We were lucky with the weather on party night, it was warm (in the high 20’s, which after this winter was warm for us!), it didn’t snow, it wasn’t windy, and everyone loved spending the evening outside! Of course, standing around a fire pit drinking adult beverages takes the chill off too.
A few additional notes:
- I used paper hot cups for the cider and cocoa and clear plastic cups for the cold drinks
- Paper napkins
- I made all finger food, so no plasticware was needed
- The only light we had was from the fire pit, the ice spheres, the lights on the bar, and about 10 mason jars with candles burning inside. It was plenty of light for our small space and kept that cozy atmosphere.
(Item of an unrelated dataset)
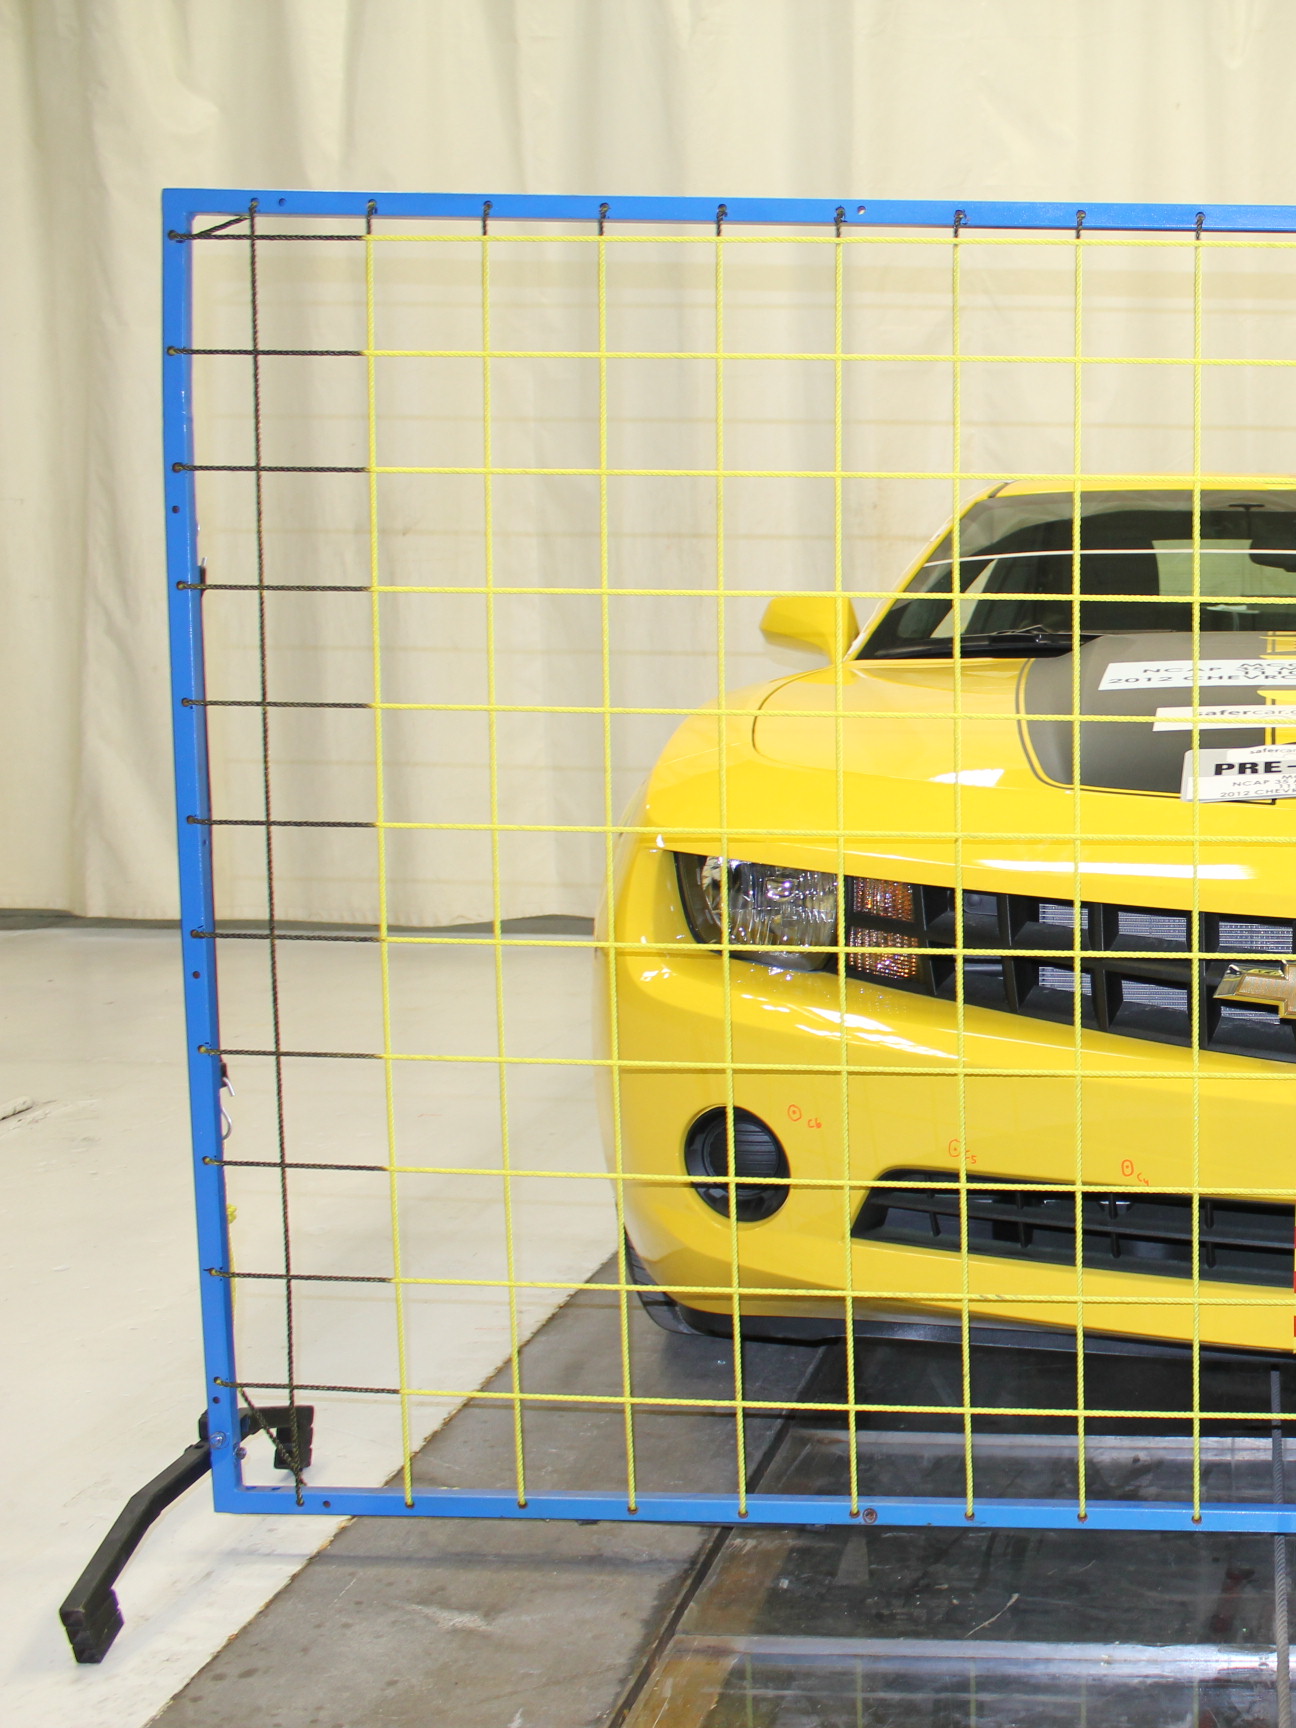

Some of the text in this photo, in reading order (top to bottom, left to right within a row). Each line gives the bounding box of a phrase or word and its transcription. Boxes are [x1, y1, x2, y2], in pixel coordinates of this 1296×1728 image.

[1107, 676, 1172, 684] 2012
[1232, 779, 1270, 787] NCAP
[1220, 790, 1250, 798] 2012
- I also put our Star Wars AT-AT on the snow bank, because awesome!
- AT-AT podcast correction: There are two schools of thought on how to pronounce “AT-AT”, phonetically or to say the letters. In the podcast I say “AT-AT” phonetically, because that’s just how I like to say it, but the nerd in me does acknowledge that the correct pronunciation should be the letters (ay-tee, ay-tee).
- We started our party about an hour before sundown, so we were able to watch the transformation of the bar and ice spheres as the daylight faded and the LEDs started to show. No one noticed the spheres in the daylight, but once it was dark and they were glowing in the snow bank it was an added element of interest in what would have been a dark, empty space.
We had so much fun with this party and can’t wait to do it again next year (if we have the right weather and snow conditions)! But this was a good first attempt and not bad for going from snow drift to ice bar in one week!
Thanks for visiting and have fun planning your next event!